Even if "Serializator" is a word, I'd recommend something more common, like ResourceFileWriter or something.

56 ↗(On Diff #115144)

Maybe call this writeBytes, and take ArrayRef<uint8_t>?

58 ↗(On Diff #115144)

I'm concerned that an object could easily contain endian-swapped fields, but I can't think of a clean way to defend against it, so let's go with this.

mnbvmar added inline comments.Sep 19 2017, 10:27 AM
llvm/test/tools/llvm-rc/tag-html.test
7

We could pipe the output of llvm-cvtres to llvm-readobj. However, cvtres needs to reorder the resources, and readobj can only extract header information.

llvm/tools/llvm-rc/ResourceSerializator.h
58 ↗(On Diff #115144)

The only thing I can think of is some std::disable_if detecting basic integral types larger than a byte. This is nowhere close to perfect, though.

zturner added inline comments.Sep 20 2017, 9:45 AM
llvm/tools/llvm-rc/ResourceSerializator.h
56 ↗(On Diff #115144)

It seems like all of these functions are reproducing logic that already exists in BinaryStreamWriter. Is there some reason we can't use that here?

The nice thing about them is they prevent endianness errors up front, because you don't have to remember to call writeObject() with some endian-aware type, because as soon as you set the endianness on the stream, all integers get written appropriately.
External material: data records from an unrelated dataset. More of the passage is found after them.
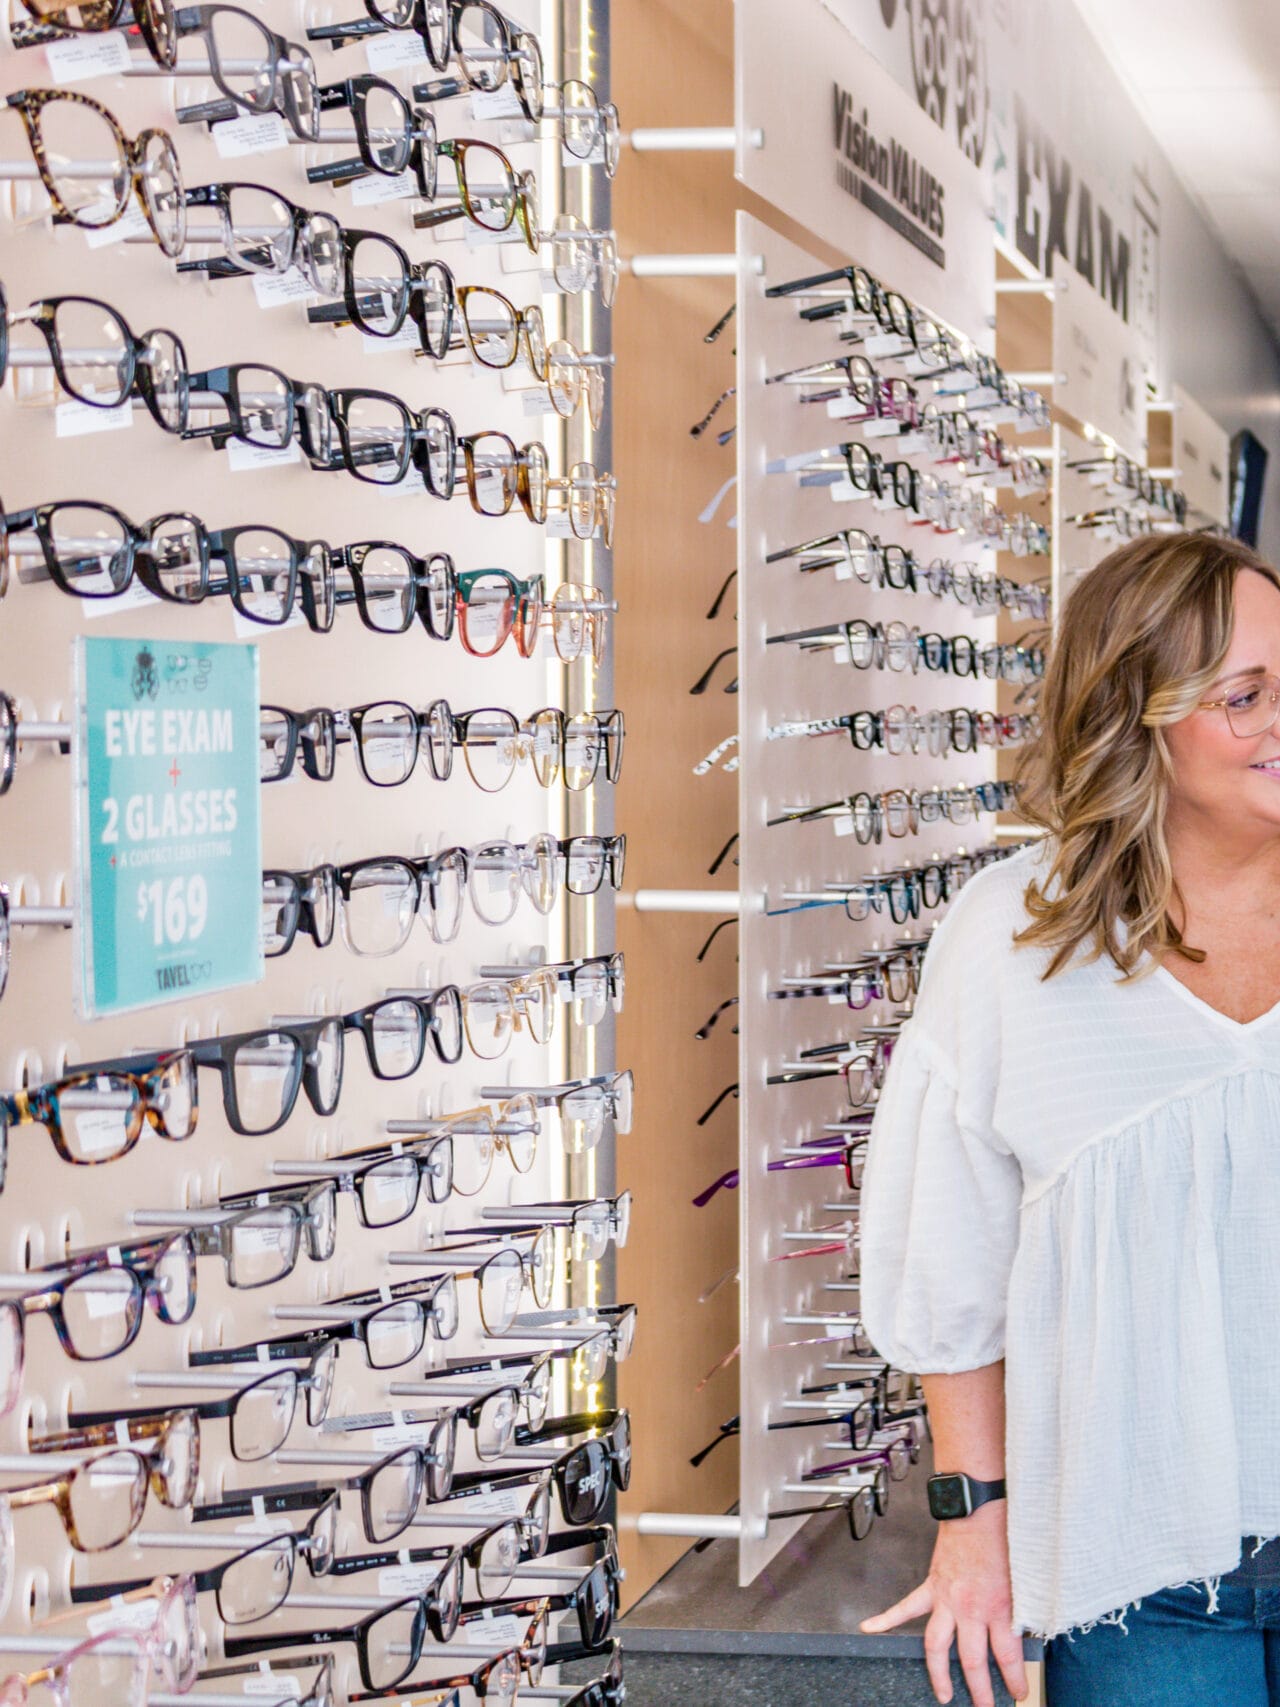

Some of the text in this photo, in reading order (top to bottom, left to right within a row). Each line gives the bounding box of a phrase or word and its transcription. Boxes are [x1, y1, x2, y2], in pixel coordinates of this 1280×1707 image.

[105, 709, 233, 757] EYE EXAM
[101, 787, 238, 844] 2 GLASSES
[137, 873, 209, 946] $169
[156, 964, 191, 990] TAVEL
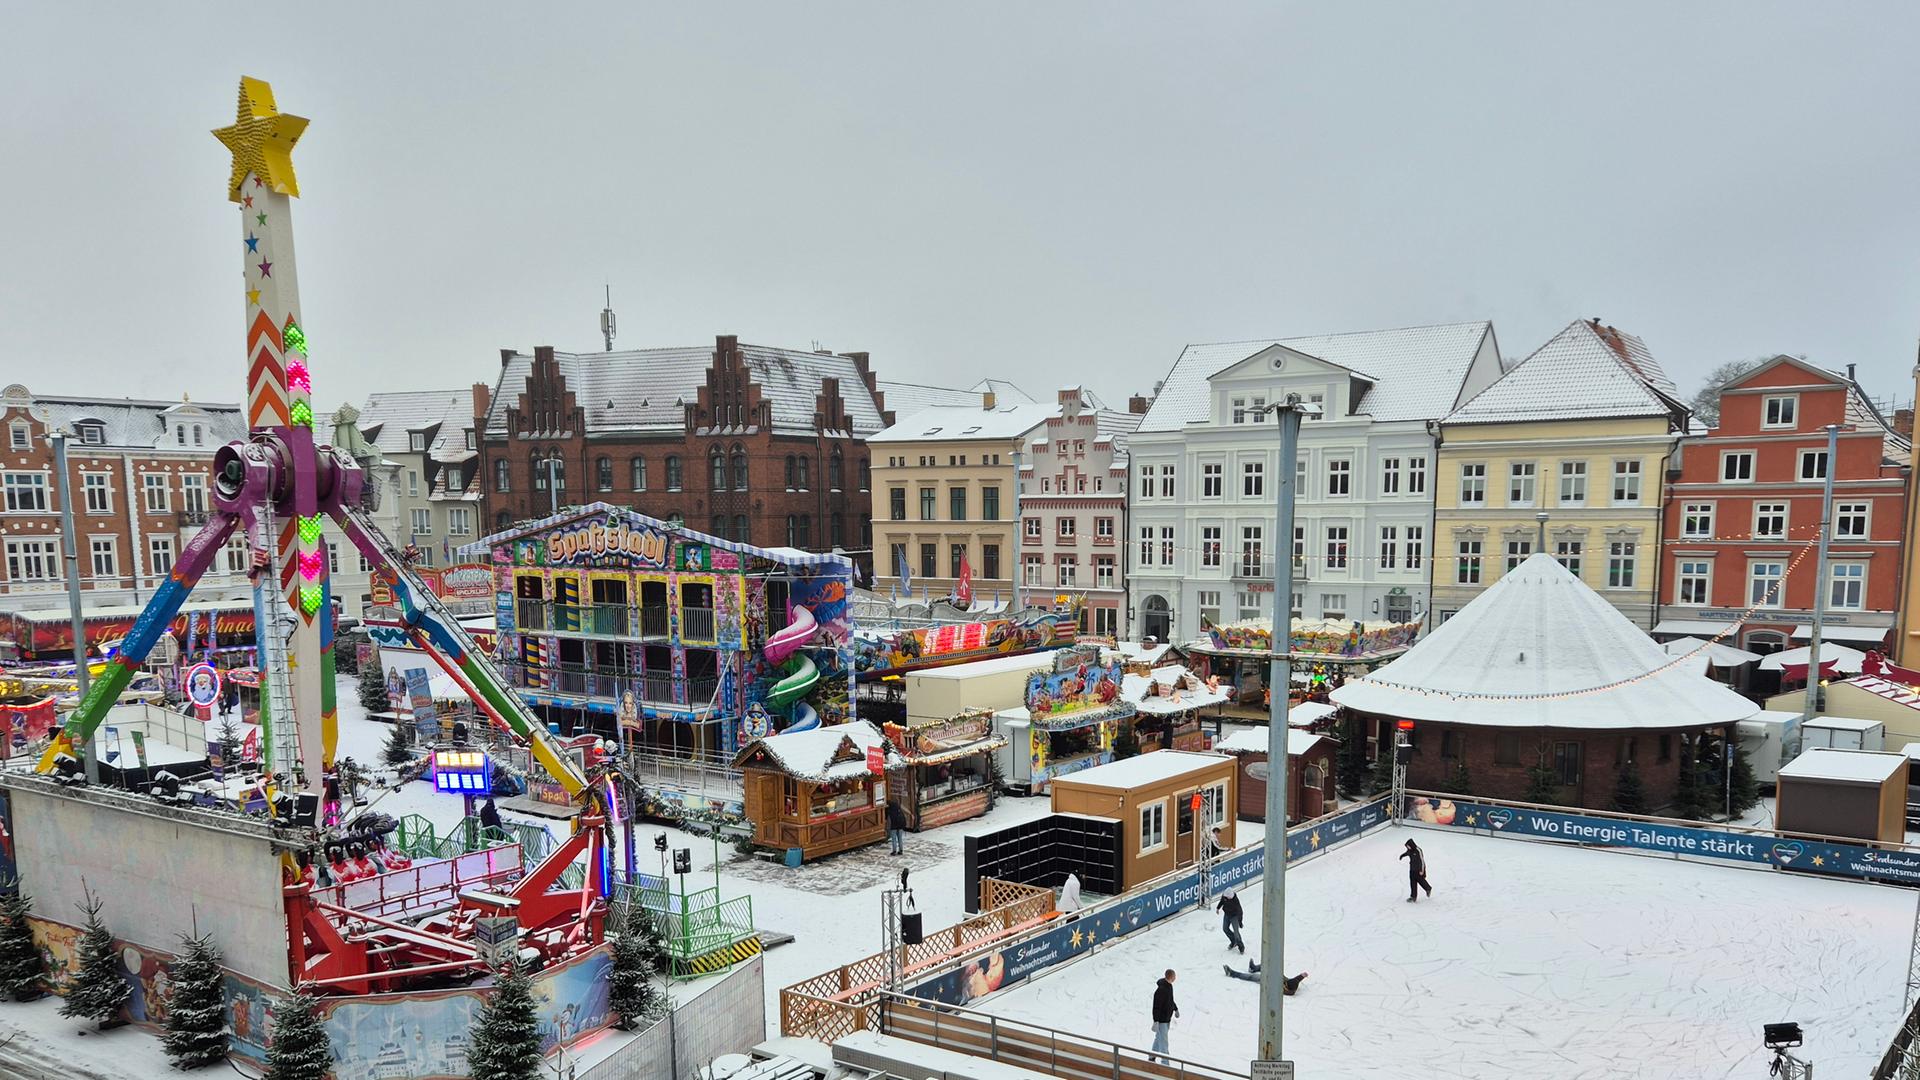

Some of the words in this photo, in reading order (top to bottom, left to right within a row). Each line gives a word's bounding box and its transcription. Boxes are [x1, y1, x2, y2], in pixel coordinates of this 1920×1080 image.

[1530, 816, 1559, 833] Wo
[1563, 821, 1627, 842] Energie
[1631, 828, 1697, 850] Talente
[1701, 837, 1754, 857] stärkt
[1155, 896, 1172, 912] Wo
[1173, 883, 1205, 905] Energ
[1210, 866, 1241, 889] Talente
[1242, 854, 1265, 876] stärkt
[1850, 862, 1920, 878] Weihnachtsmar
It also contains functions for writing c strings, arrays, arbitrary objects, and seeking, so it seems like a good fit here and reduces some boilerplate?

llvm/tools/llvm-rc/llvm-rc.cpp
156

Can this be a unique_ptr?

mnbvmar added inline comments.Sep 20 2017, 10:37 AM
llvm/tools/llvm-rc/ResourceSerializator.h
56 ↗(On Diff #115144)

BinaryStreamWriter expects to know the size of the underlying buffer beforehand, so I can't really use it here.

However, is it a good idea to teach this to write little-endian integers only (and convert native-endian ints to ulittle{}_t when necessary)?

zturner added inline comments.Sep 20 2017, 10:45 AM
llvm/tools/llvm-rc/ResourceSerializator.h
56 ↗(On Diff #115144)

Yes, just call it writeInteger and do the endian conversion inside the function. Then call the function writeInteger<uint64_t>(12);

mnbvmar updated this revision to Diff 116123.Sep 20 2017, 5:33 PM

Style fixes suggested in the comments. Integrated llvm-readobj into test invocation.

(I changed file and class names to ResourceFileWriter. However, I leave the revision as-is not to make confusion.)

mnbvmar marked 4 inline comments as done.Sep 20 2017, 5:34 PM
rnk accepted this revision.Sep 21 2017, 2:11 PM

lgtm, thanks!

This revision is now accepted and ready to land.Sep 21 2017, 2:11 PM
mnbvmar closed this revision.Sep 29 2017, 10:51 AM

Seems this revision didn't close automatically. Fixing that.